Esa posición, sin embargo, no le ha traído ningún problema a la Congresista con el Presidente, quien, de hecho, cinco días después de esos trinos posesionó como viceministro del Interior a un abogado vallenato, considerado técnico, que viene de ser pupilo de la Senadora.

Se trata de Juan Manuel Daza, quien estará encargado de las relaciones políticas del Ministerio.

Daza, radicado en Bogotá desde hace 10 años y quien se quemó a la Cámara por la capital en las pasadas legislativas, contribuyó con la fundación del Centro Democrático de la mano de Charo Guerra, a quien asesoró en el Senado hasta que Álvaro Uribe se lo llevó a su equipo en el Congreso

Ya a fines de julio, Duque había designado en un alto cargo a otra persona de la cuerda y amiga de la política sucreña.

Es el caso del nuevo director del Dane, Juan Daniel Oviedo, un académico de la Universidad del Rosario, en donde es profesor de planta y director de la escuela doctora de economía, cercano a María del Rosario Guerra de la Espriella, no sólo porque fue su asesor (en el Ministerio de TIC entre 2006 y 2010), sino también por haber sido su socio (junto a Gustavo Valbuena fueron los tres socios de Leico Consultores entre 2011 y 2013).

Pero acaso la persona de más alto cargo aliada de Charo Guerra a la que ha nombrado Duque es el ministro de Comercio, José Manuel Restrepo, exrector de la Universidad del Rosario desde 2014, tras serlo del Cesa y de la Fundación Empresarial de la Cámara de Comercio de Bogotá.

Como lo contamos en La Silla, Restrepo es cercano a la Senadora, a quien reemplazó en la Vicerrectoría del Rosario en 2002.
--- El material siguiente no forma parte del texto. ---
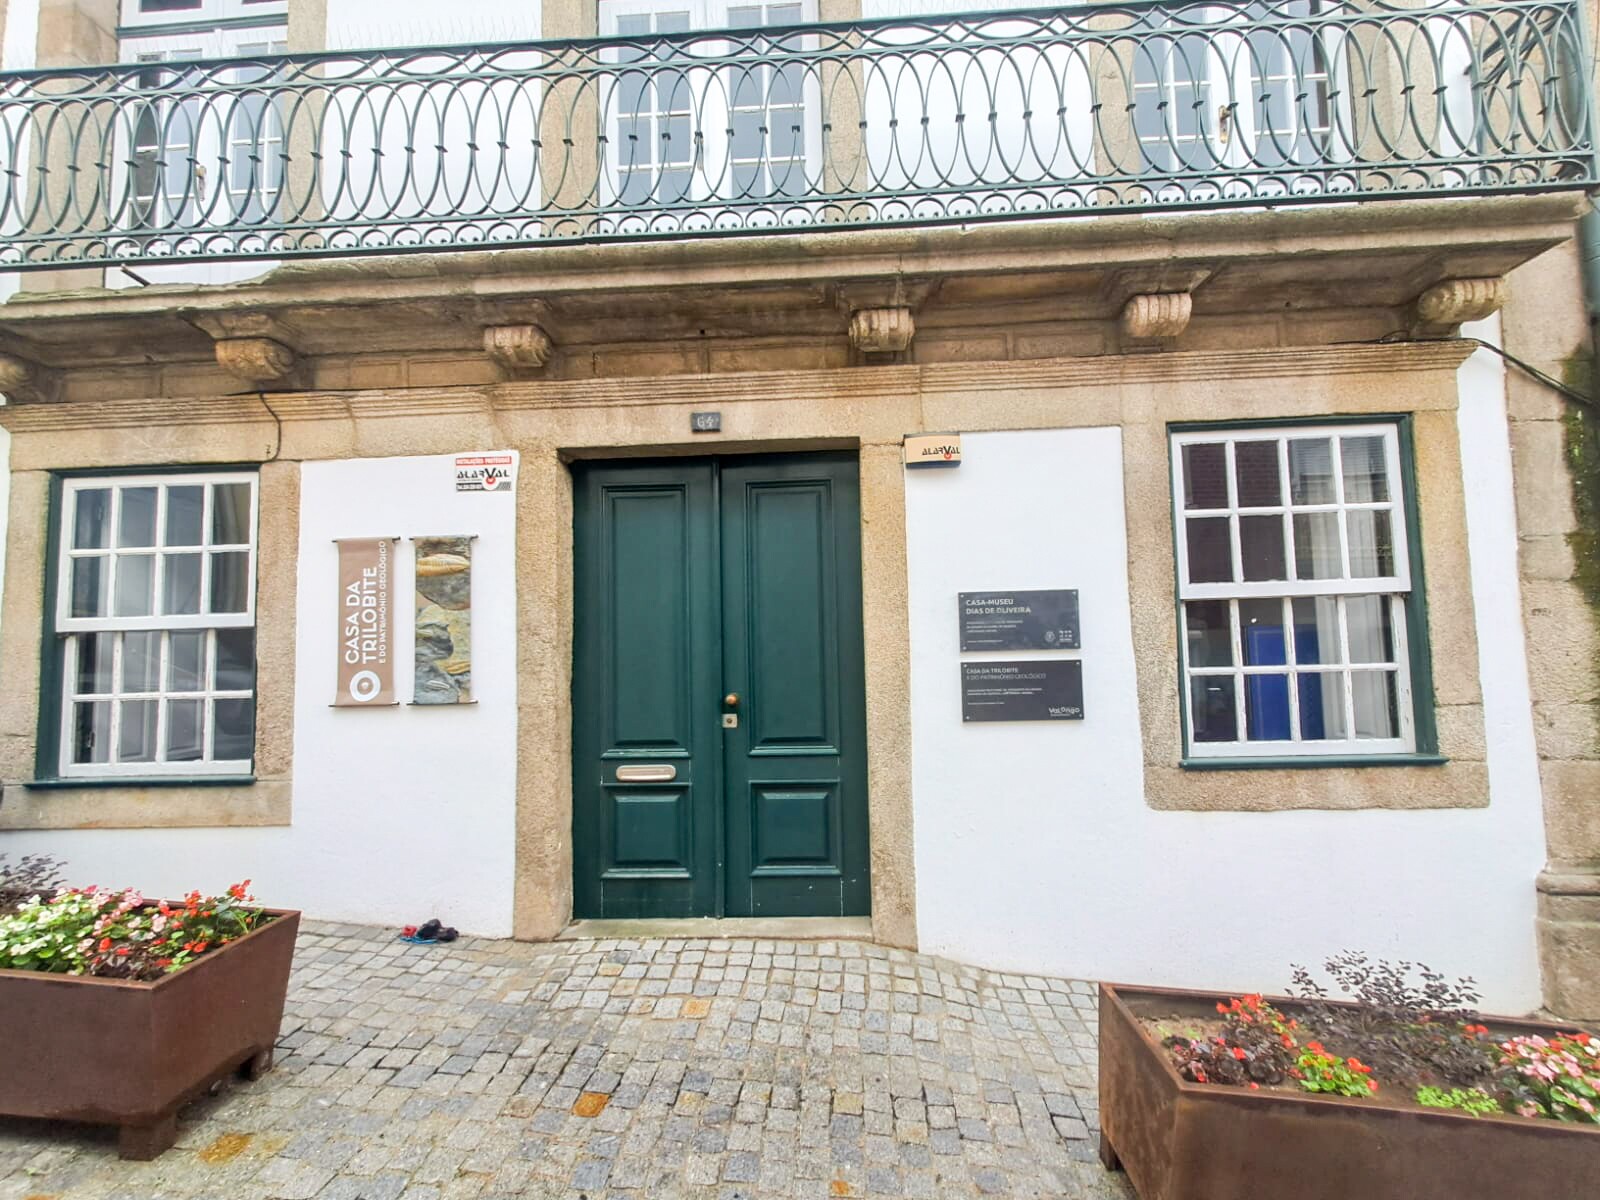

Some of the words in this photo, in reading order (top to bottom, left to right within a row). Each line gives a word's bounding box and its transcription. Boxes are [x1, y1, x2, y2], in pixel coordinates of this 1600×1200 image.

[697, 415, 714, 429] 64
[345, 580, 361, 607] DA
[361, 566, 377, 664] TRILOBITE
[966, 607, 984, 615] DIAS
[996, 606, 1032, 614] OLIVEIRA
[345, 611, 360, 664] CASA
[379, 644, 387, 657] DO
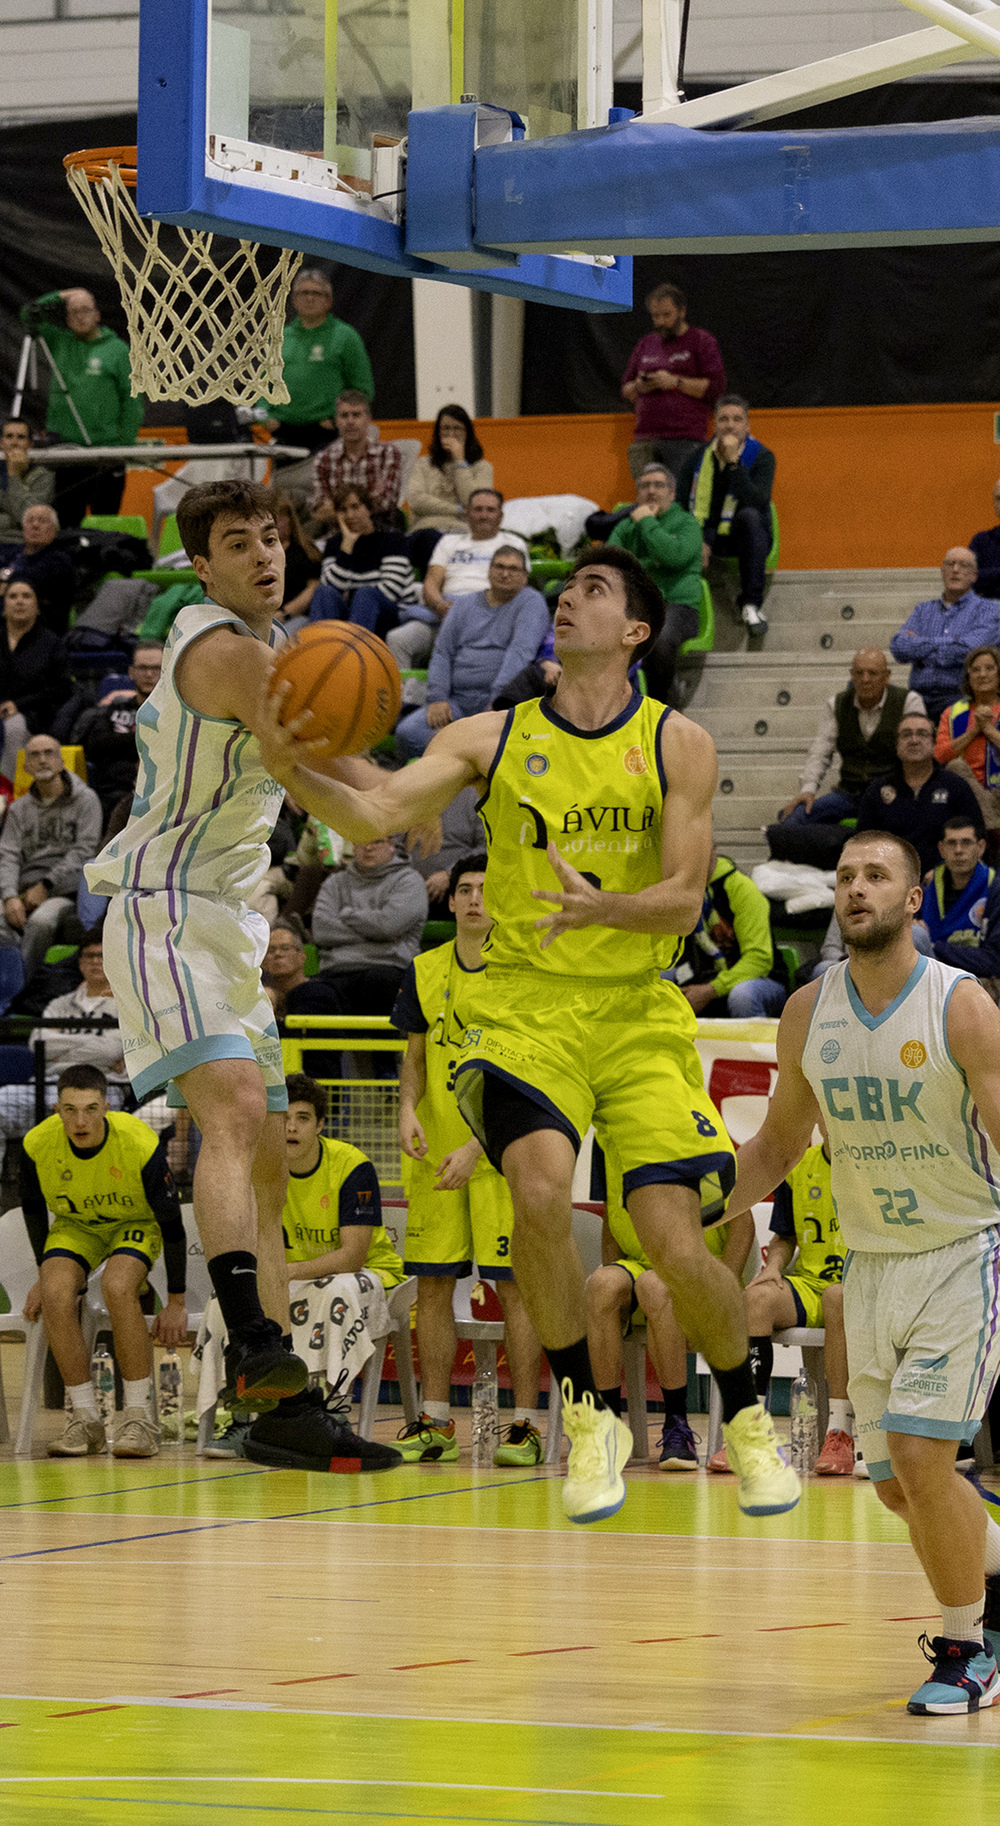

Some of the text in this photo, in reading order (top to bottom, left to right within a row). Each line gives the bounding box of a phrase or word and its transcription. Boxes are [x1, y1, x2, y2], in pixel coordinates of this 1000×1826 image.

[560, 803, 654, 834] ÁVILA
[820, 1076, 927, 1124] CBK
[690, 1110, 718, 1137] 8
[900, 1143, 950, 1162] FINO
[83, 1192, 134, 1210] ÁVILA
[872, 1188, 925, 1227] 22
[122, 1229, 144, 1243] 10
[496, 1235, 510, 1257] 3
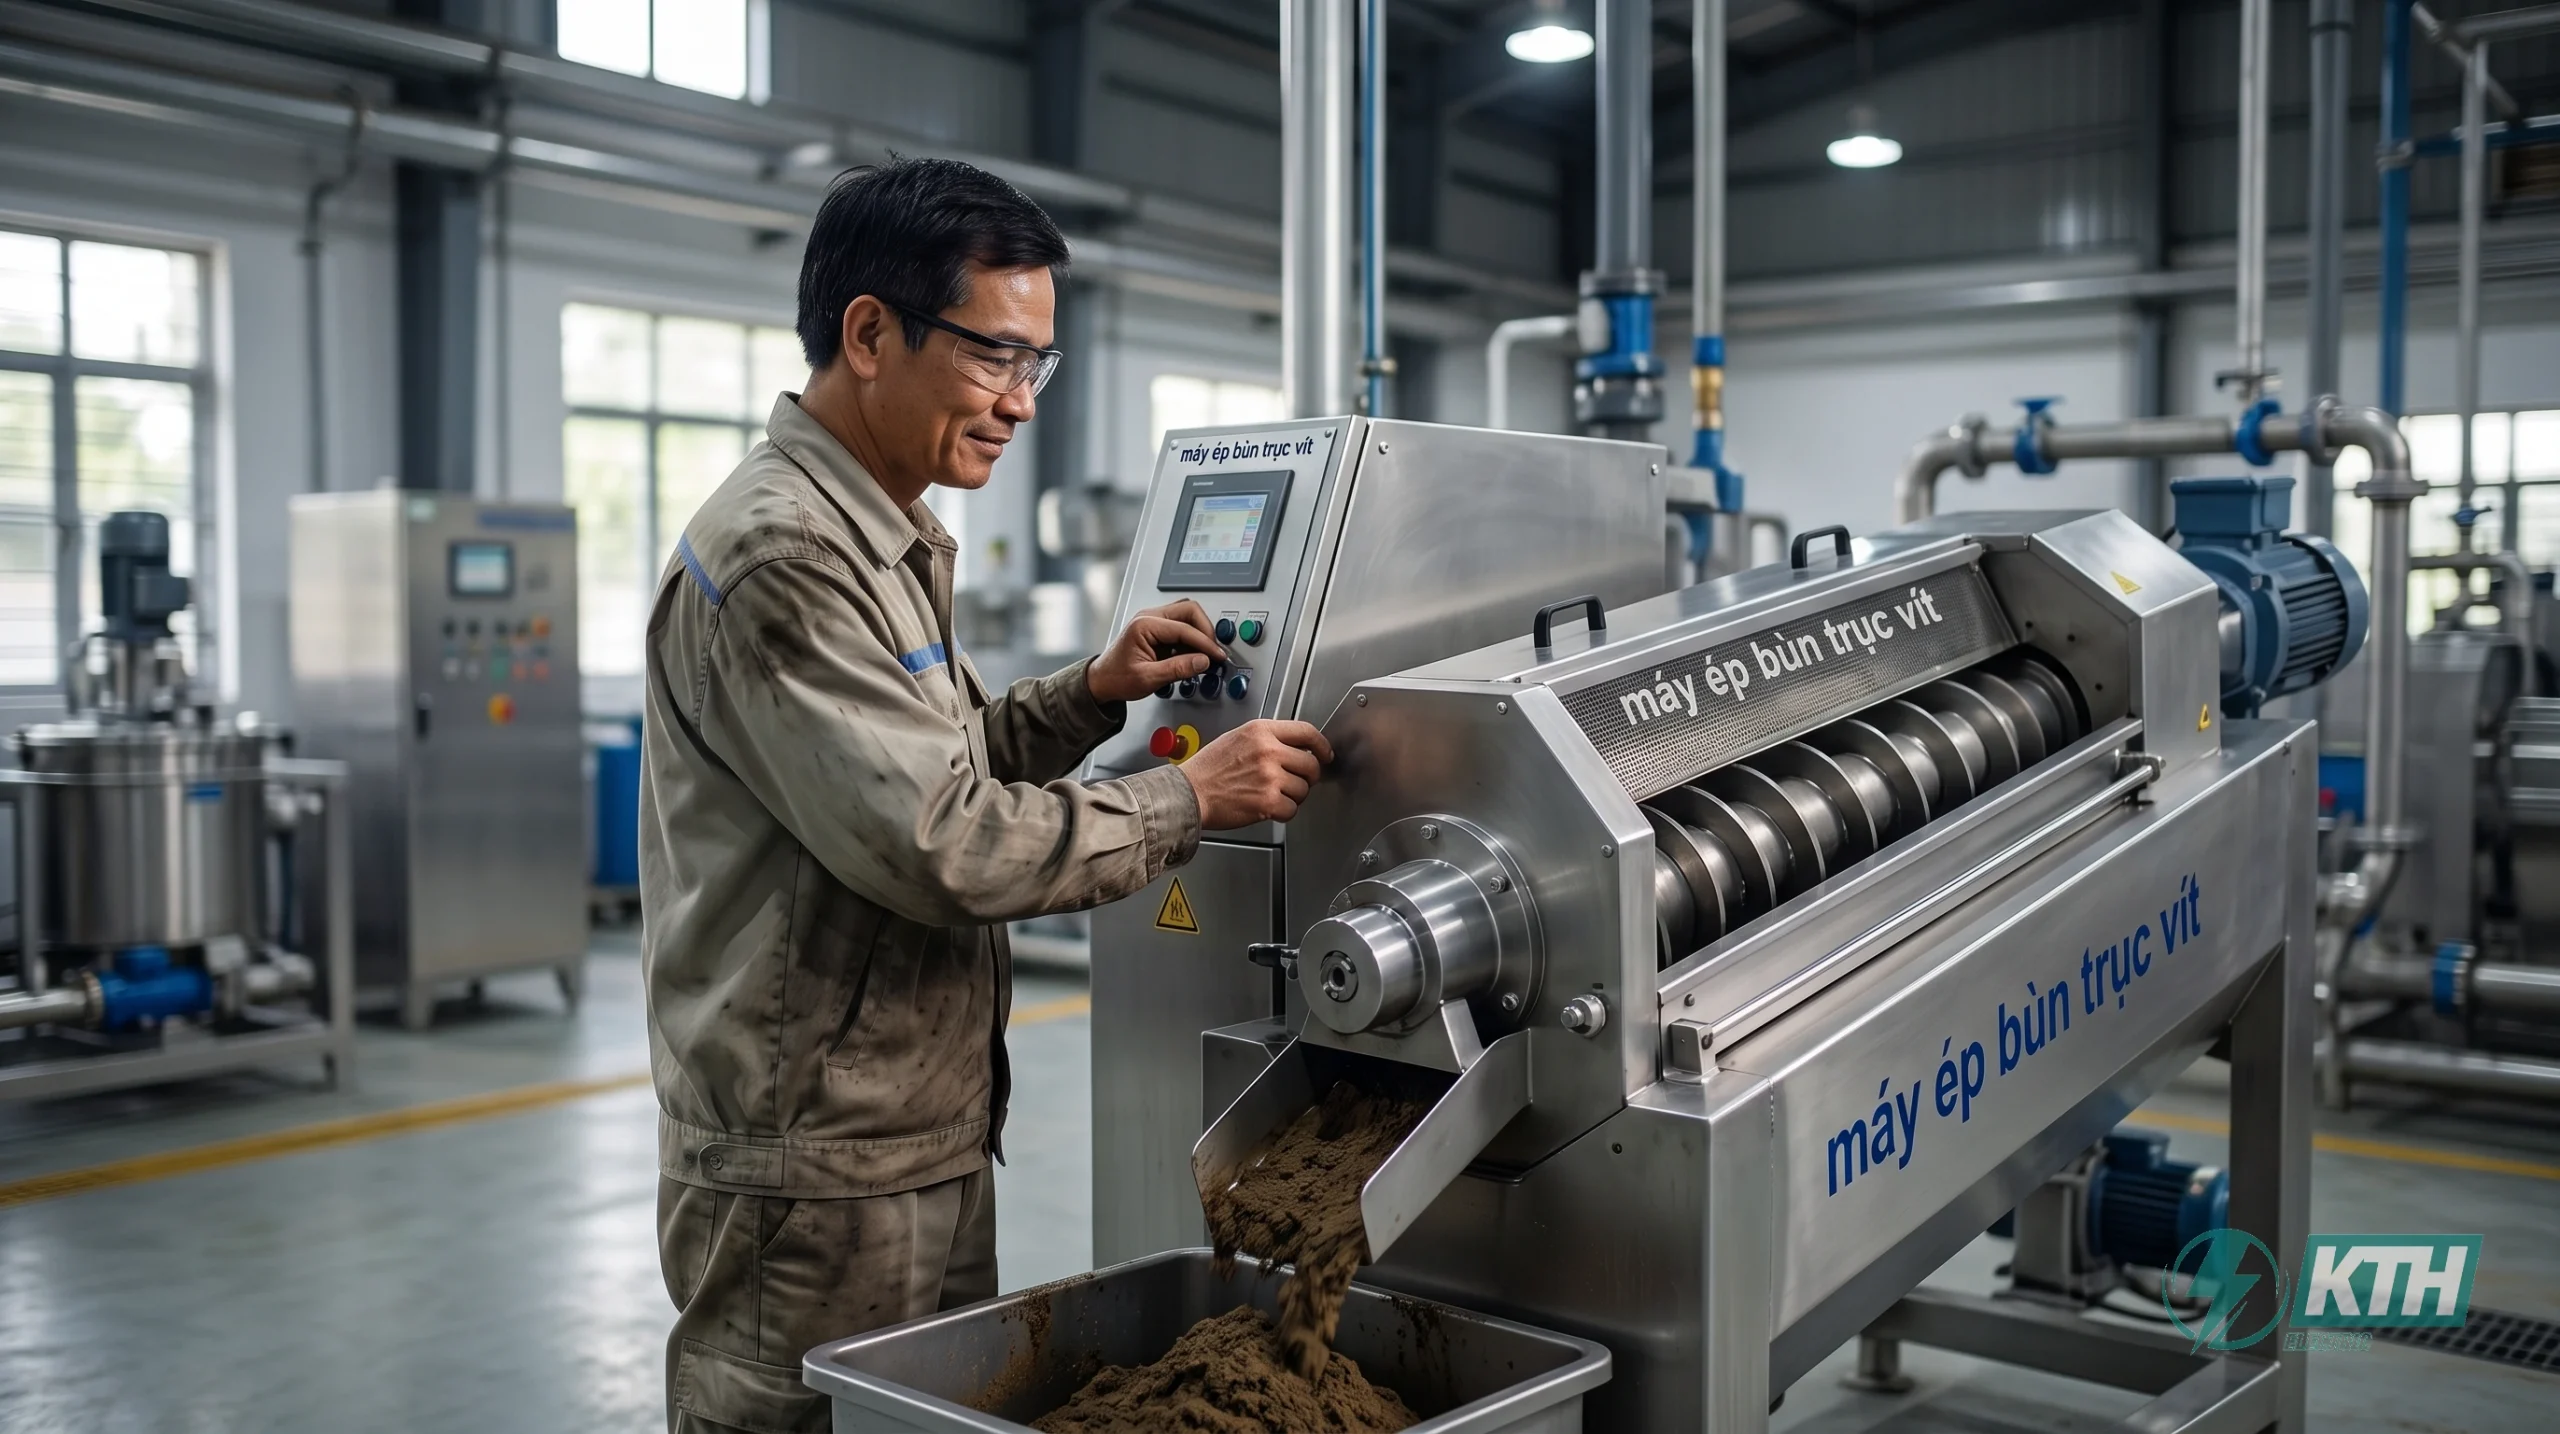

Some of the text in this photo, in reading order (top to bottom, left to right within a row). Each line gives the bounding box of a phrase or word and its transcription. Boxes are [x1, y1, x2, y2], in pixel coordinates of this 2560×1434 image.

[1180, 436, 1314, 466] máy ép bùn trục vít
[1619, 587, 1943, 726] máy ép bùn trục vít
[1827, 871, 2202, 1198] máy ép bùn trục vít
Más allá de eso, Charo Guerra ha sido clave en la carrera de Restrepo: como directora de Fonade del gobierno de Ernesto Samper lo nombró su director de planeación en 1997.

Luego de eso, cuando cambió el Gobierno, se lo llevó de nuevo, justamente a la del Rosario como subdirector y luego director de planeación.

Que se sepa, ningún otro congresista uribista tiene más amigos cercanos en el alto Gobierno que María del Rosario, de quien una fuente conocedora nos dijo: “Duque la respeta y aprecia”, y otra nos aseguró: “Hoy es una de las personas más visibles e influyentes para tirar línea (en el Gobierno)”.

Y es que, además de su cercanía con Duque, Guerra es, sobre todo, amiga y aliada de Uribe, quien, como el país sabe, le dio el peleado segundo renglón de su lista cerrada la primera vez que el Centro Democrático se midió en unas legislativas, hace cuatro años.

Además de eso, uno de los mejores amigos del expresidente es Joselito Guerra, el hermano mayor y una de las personas que le habla al oído a Charo.

Por no haber demostrado ningún talante clientelista, y ser reconocida más bien como una técnica, por ahora podría decirse que todo este protagonismo la va a fortalecer a ella en su figura, y no necesariamente a sus hermanos que sí son más políticos tradicionales.

No obstante, habrá que ver cómo se mueve la casa Guerra de la Espriella en Sucre en las regionales del año entrante, en las que suena una posible candidatura a la Gobernación de Toño Guerra, ahora que se quedó sin curul.